The Obama healthcare plan hinges on savings achieved through the implementation of electronic medical records (EMRs) and pays doctors $44,000 over 5 years for hardware and software to embrace this evolving technology. Let us not forget however, that garbage in produces garbage out, for instance, information not suitable for medical decision making.
In reality, data entry is daunting and by far the most expensive aspect of converting to electronic records. Huge amounts of patient data resides in the IT “silos” of insurance companies, hospitals, pharmacies and laboratories. It could pre-populate EMRs, should the principles decide to share it, which largely they have not. Some of the data is accurate, some certainly is not.
Currently, data can only be entered on a patient by patient basis. Unless the relevant medical decision making data is properly vetted and reviewed by the patient, with one on one help by a clinician, it becomes garbage in. An experienced primary care clinician who knows the patient best and has all medical information flowing through their office is the best person to input and screen new information important for medical decisions. They would also potentially shoulder the lion’s share of the burden of data input responsibility and therefore cost of implementing an EMR. These are the same practices that are the most financially insolvent, many on the brink of shutting down.
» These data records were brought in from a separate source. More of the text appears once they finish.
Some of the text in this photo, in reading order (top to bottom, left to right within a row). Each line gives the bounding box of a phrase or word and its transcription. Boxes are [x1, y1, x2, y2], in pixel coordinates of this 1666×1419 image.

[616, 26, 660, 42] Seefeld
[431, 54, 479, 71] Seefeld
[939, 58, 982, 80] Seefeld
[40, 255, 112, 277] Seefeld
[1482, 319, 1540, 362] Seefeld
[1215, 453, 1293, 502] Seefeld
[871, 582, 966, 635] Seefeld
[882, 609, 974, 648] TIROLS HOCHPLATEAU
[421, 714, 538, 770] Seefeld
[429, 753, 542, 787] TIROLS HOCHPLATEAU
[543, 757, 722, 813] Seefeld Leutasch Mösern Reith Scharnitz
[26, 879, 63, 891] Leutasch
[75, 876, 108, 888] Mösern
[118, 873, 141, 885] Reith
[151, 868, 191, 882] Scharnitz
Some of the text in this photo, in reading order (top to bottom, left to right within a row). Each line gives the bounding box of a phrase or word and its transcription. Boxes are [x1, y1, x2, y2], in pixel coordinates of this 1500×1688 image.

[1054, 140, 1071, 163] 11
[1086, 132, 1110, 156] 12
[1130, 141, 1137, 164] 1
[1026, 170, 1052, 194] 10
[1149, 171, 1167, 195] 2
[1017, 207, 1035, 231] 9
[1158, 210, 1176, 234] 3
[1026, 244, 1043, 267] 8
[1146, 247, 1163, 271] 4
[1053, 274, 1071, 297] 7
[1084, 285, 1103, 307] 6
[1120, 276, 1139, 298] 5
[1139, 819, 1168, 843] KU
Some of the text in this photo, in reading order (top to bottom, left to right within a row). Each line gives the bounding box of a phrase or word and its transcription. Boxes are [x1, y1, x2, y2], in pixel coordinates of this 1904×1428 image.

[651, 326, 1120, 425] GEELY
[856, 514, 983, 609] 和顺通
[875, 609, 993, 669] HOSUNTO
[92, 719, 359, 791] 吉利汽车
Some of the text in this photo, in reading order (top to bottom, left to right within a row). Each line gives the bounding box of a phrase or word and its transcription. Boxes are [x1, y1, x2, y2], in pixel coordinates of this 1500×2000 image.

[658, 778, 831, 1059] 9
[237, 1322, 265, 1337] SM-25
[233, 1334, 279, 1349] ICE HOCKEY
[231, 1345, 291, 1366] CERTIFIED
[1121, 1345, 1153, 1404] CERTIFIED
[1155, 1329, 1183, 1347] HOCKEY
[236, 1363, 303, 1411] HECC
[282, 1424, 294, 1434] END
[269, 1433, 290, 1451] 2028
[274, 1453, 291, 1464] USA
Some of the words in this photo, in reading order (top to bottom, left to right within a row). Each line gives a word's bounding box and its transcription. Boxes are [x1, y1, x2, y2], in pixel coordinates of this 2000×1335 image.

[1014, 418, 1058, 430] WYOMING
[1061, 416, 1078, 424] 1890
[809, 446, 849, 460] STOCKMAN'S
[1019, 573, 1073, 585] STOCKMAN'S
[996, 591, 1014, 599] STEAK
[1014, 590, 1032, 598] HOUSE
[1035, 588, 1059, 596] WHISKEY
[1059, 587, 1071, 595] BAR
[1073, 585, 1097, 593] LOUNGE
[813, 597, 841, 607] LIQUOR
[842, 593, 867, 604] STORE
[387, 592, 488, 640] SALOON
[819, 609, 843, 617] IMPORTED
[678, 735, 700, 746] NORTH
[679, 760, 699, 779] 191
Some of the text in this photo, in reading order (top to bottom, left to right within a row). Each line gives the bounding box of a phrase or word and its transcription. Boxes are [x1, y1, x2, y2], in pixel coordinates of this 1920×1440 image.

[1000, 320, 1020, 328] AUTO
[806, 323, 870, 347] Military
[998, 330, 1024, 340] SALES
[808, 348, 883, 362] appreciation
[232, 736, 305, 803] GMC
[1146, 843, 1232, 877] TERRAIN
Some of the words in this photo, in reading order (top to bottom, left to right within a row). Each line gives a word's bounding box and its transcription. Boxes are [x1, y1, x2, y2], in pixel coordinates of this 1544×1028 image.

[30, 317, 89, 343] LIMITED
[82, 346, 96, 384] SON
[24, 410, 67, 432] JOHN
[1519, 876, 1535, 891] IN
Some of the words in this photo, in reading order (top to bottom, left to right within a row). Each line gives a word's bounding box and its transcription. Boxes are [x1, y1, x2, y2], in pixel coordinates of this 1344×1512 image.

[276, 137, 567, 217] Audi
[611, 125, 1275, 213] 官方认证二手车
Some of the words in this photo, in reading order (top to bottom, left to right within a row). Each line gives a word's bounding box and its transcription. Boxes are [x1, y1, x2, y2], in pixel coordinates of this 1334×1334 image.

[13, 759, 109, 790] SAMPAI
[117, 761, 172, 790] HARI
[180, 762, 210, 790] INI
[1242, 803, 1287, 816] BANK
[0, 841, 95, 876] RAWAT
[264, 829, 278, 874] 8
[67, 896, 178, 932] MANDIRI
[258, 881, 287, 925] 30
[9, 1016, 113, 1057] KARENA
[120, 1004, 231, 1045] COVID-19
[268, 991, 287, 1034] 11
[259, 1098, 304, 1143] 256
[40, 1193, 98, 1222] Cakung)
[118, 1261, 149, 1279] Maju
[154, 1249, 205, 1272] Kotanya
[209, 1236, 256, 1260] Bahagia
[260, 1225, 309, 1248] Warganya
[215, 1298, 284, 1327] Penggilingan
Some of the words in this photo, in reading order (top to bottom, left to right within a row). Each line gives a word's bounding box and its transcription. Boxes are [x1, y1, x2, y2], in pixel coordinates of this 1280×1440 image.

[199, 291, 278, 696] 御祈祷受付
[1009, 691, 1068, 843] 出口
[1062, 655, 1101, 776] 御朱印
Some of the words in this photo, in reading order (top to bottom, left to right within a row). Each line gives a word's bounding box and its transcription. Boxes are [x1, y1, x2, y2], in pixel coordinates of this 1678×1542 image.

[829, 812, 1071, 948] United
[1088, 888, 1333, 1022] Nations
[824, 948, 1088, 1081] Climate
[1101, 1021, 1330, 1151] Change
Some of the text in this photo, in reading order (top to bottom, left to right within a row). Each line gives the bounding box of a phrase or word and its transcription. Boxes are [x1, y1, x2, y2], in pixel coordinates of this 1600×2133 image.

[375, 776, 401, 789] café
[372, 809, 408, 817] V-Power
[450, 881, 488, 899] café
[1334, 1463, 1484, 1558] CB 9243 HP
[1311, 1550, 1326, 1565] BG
Should specialists get the same stimulus if their input is limited to one organ system?
One of my patients was recorded incorrectly at the hospital as having reported a reaction to x-ray dye, and a breast cancer history. Whenever he goes to the hospital, these continue to be reported on his computer record. The odd times I have had to order a test that required x-ray dye, my staff and I waste hours in order to convince the facility to do the study. I have repeatedly told the hospital IT department that this needs to be corrected, only to be told that there is no current mechanism to correct this.
Interconnectivity is also still a major stumbling block. National standards are far from established. Currently, office based EMRs can get info from the lab and the hospitals, but cannot communicate back to these entities, or with other doctor’s offices. Any interconnected central repository that could communicate effectively in a standard medical decision based format is still many years away from being a reality, and who will pay for this?
To implement an EMR carries a real cost of well over $100,000 per doctor and much more for primary care practices. There are currently scores of vendors. Each vendor stores information on their own proprietary software. Only half a dozen vendors are expected to survive. If your vendor goes out of business, you go back to square one.
Consider these issues the next time you feel like your doctor is slow in adopting health information technology.
Winslow W. Murdoch is a family physician.